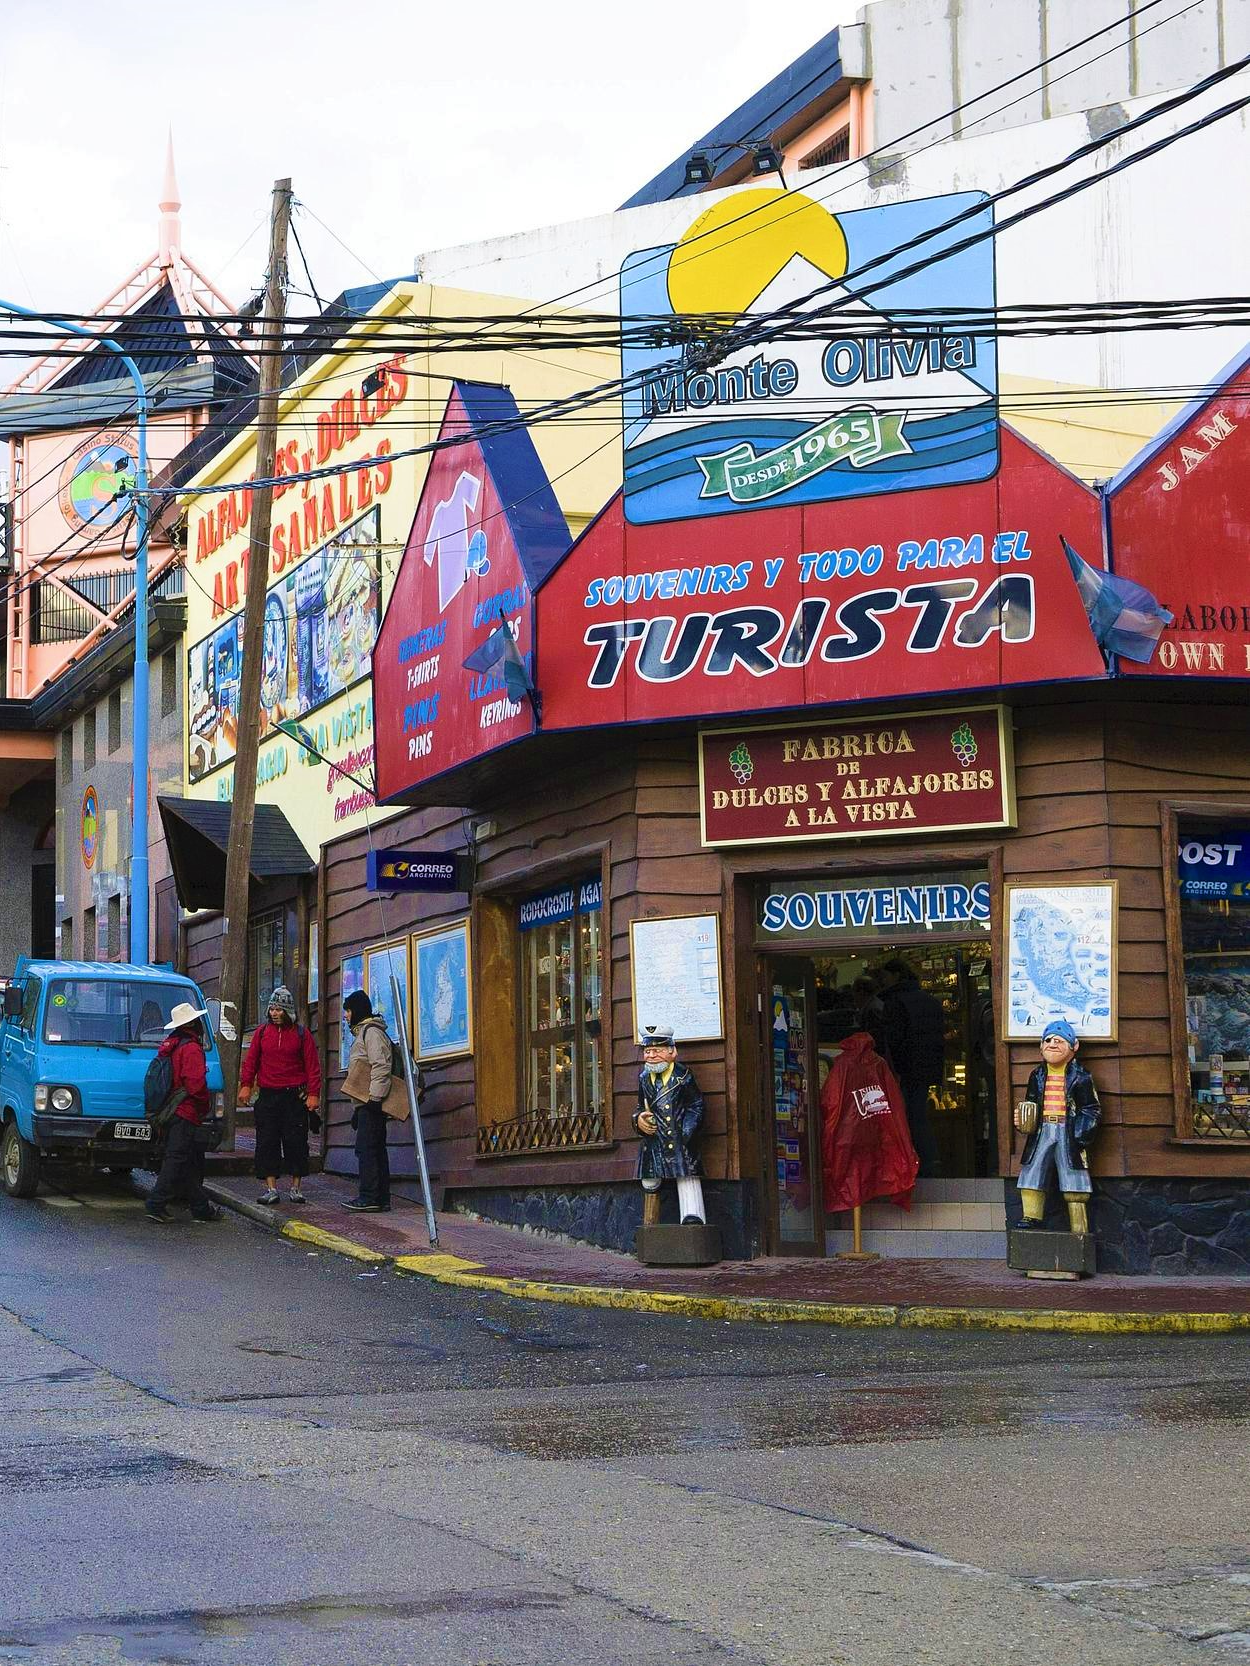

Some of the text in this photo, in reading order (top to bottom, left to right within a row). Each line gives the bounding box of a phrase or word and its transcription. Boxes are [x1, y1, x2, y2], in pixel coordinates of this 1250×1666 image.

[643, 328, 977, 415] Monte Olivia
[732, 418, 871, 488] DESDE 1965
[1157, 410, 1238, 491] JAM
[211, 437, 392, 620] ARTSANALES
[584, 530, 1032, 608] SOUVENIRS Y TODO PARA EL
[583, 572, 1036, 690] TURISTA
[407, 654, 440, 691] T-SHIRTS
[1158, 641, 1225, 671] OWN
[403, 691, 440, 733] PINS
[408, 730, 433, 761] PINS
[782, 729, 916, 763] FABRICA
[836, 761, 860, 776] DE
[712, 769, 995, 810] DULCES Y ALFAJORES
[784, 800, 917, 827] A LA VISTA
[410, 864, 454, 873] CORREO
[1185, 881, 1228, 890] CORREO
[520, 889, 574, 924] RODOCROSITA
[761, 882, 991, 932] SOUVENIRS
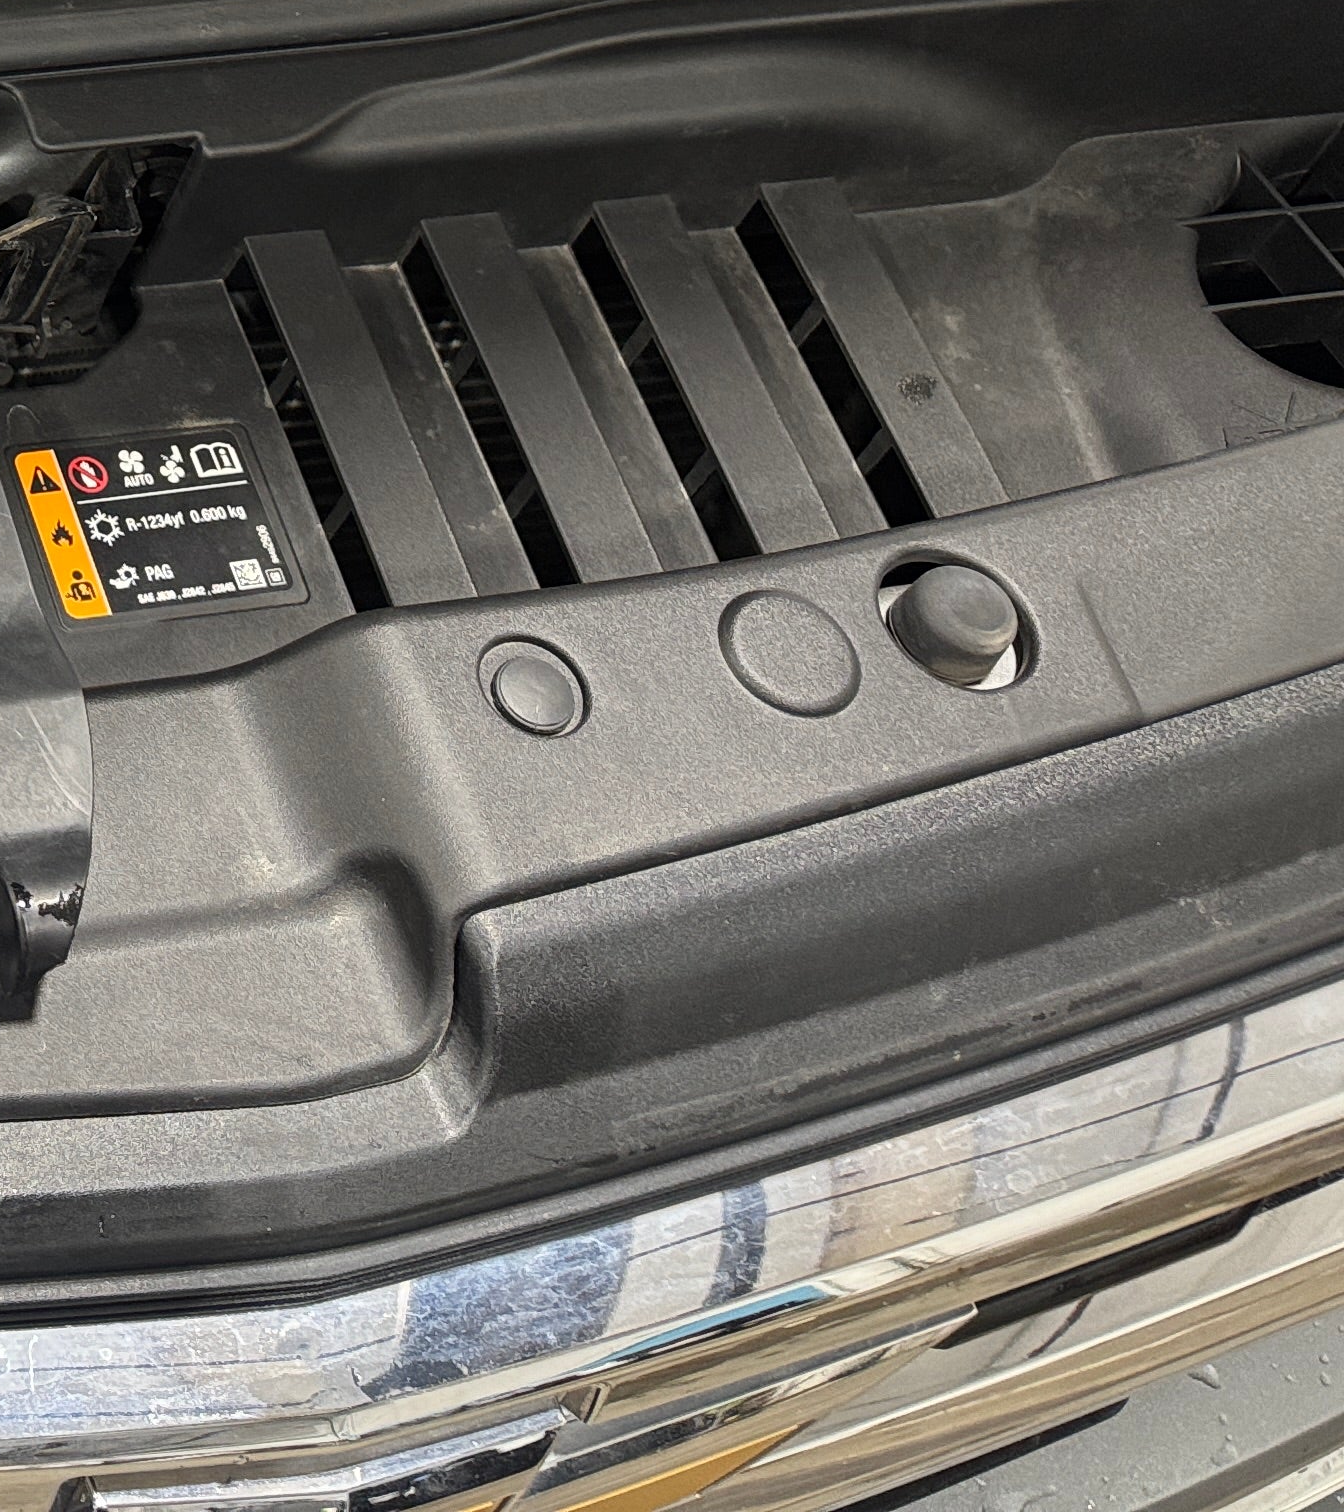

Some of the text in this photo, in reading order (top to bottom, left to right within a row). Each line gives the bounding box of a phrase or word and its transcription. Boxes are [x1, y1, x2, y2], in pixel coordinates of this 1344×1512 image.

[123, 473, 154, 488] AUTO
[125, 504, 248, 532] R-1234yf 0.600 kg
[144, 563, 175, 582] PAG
--------------------
— WORK INSTRUCTIONS —
Every line between the one that contains "this 1344×1512 image." and the last line of the listing, both included, should be retyped exactly, with nothing else added.

— ANSWER TO THE PROBLEM —
Some of the text in this photo, in reading order (top to bottom, left to right within a row). Each line gives the bounding box of a phrase or word and its transcription. Boxes are [x1, y1, x2, y2], in pixel coordinates of this 1344×1512 image.

[123, 473, 154, 488] AUTO
[125, 504, 248, 532] R-1234yf 0.600 kg
[144, 563, 175, 582] PAG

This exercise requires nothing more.